Article Text
Abstract
Background Through being a pilot site for NHS England exploring Personal Health Budgets (PHBs) in end of life care, Treetops Hospice Care became aware that there needed to be more focus on conversations around what was important to patients. There appeared to be barriers around developing these conversations, possible reasons were lack of healthcare professionals’ time and clarity as to whose role it was. Resulting from this highlighted need, Treetops Hospice Care and the University of Derby are undertaking a research project to explore the outcomes of developing support workers and volunteers in initiating conversations around quality of life. Policy drivers have acknowledged that there is a much greater need and demand for person-centred care than professionals in health and social care can meet (Health Education England, Skills for Health & Skills for Care, 2017). This follows the principles of a ‘public health’ approach to end of life care, and that a ‘de-professionalisation’ of supportive care, involving volunteers and support staff engaging in these conversations, could result in being able to include more individuals (Abel & Kellehear, 2016).

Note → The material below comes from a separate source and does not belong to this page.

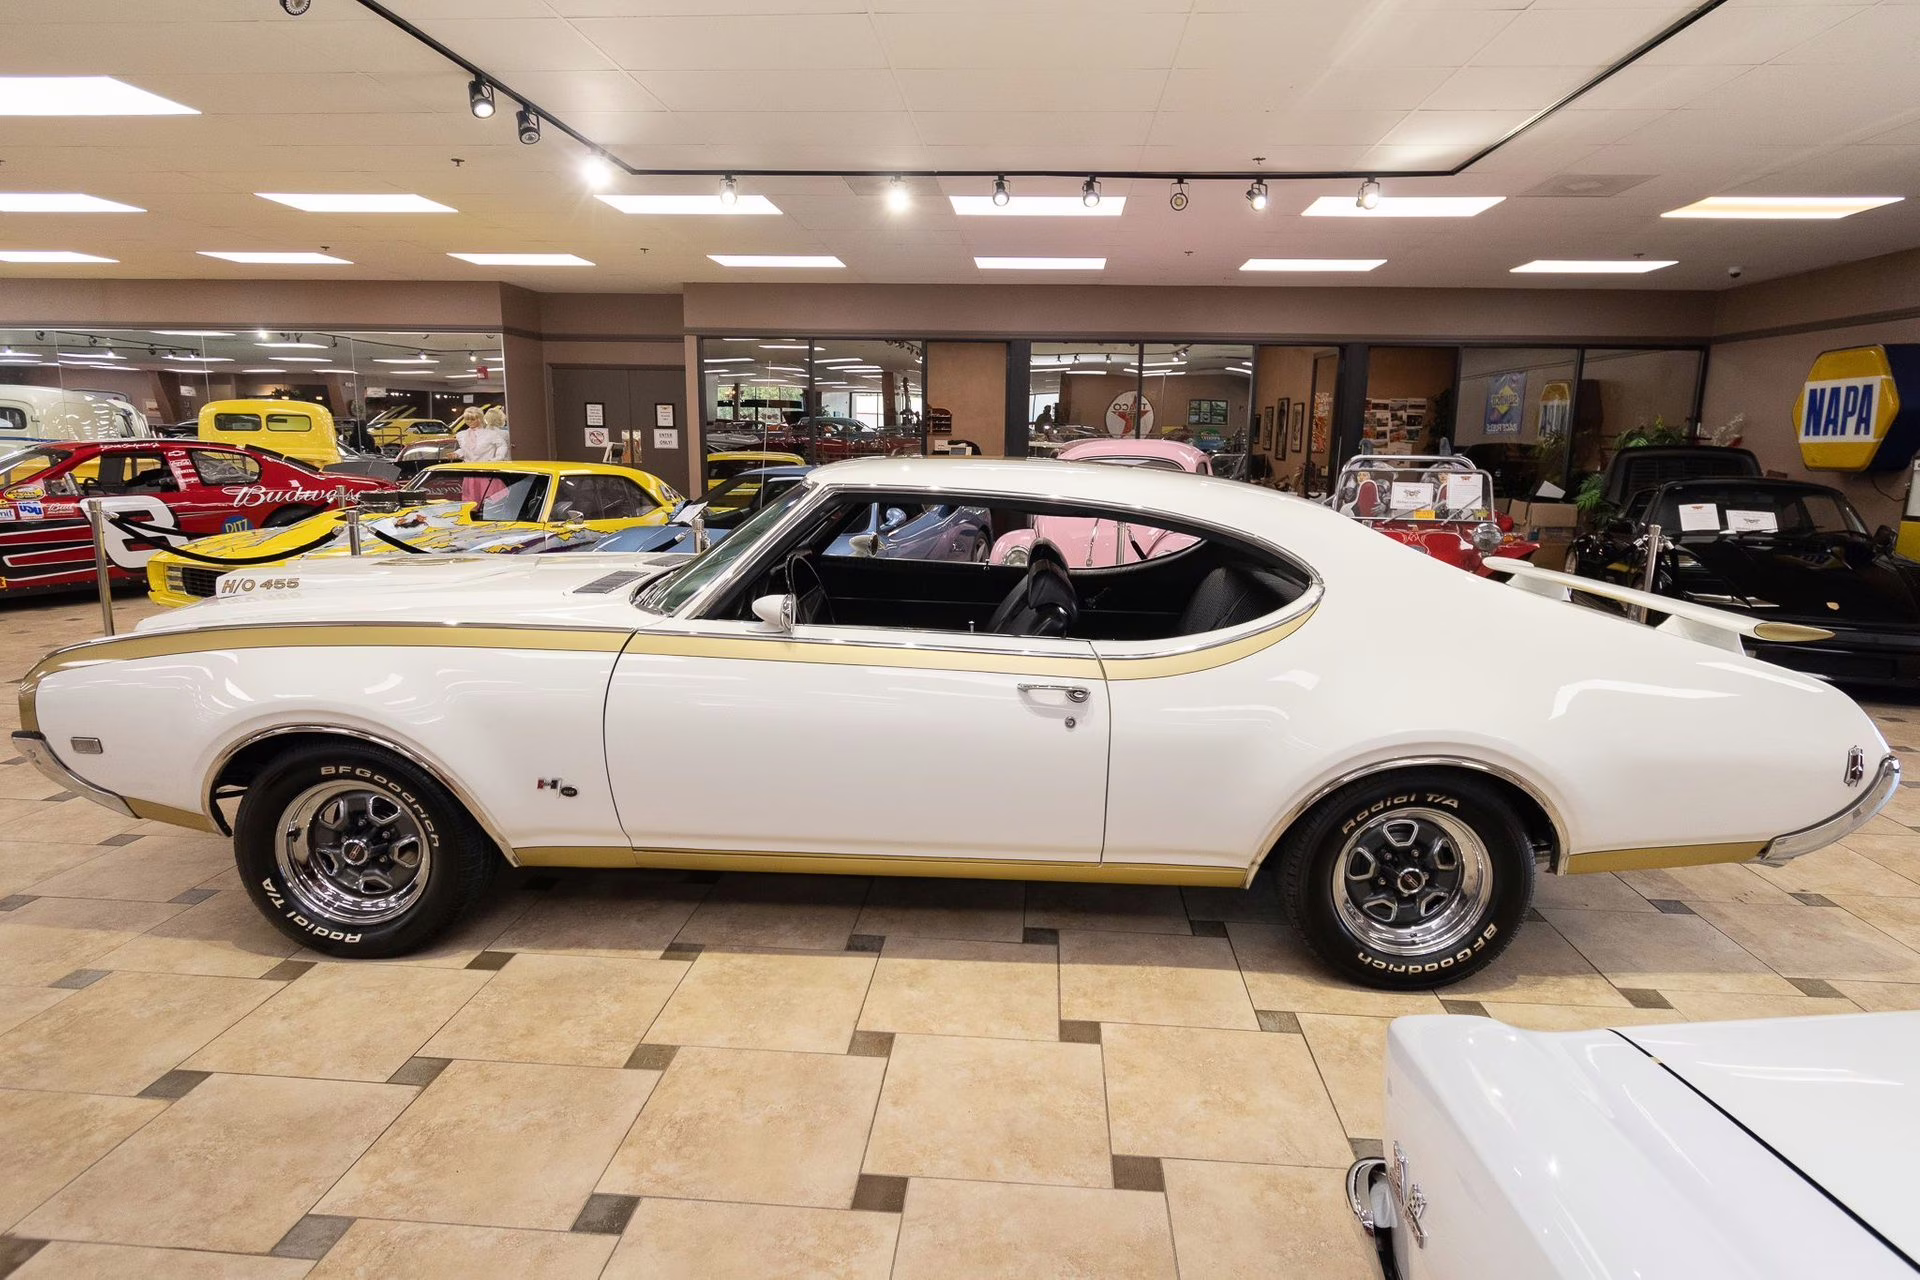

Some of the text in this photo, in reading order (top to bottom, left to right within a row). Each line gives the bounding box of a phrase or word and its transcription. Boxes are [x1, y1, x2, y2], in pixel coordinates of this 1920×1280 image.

Aims Exploring participants’ involvement and perceptions of patient-centred conversations to improve end of life care experiences.
Methods/conclusion Qualitative interviewing will be undertaken before and after a new educational training approach is delivered, along with a pre and post Likert evaluation tool capturing self-perceived confidence and competence. The new approach will focus around the mnemonic L.I.S.T.E.N (developed by Treetops Hospice Care) supporting these conversations around preferences and wishes, within a person-centred approach.
We anticipate that with the appropriate support and training, unregistered healthcare professionals/volunteers feel more enabled in having these conversations, empowering them to offer more timely conversation opportunities with palliative care patients. Resulting outcomes will inform future training.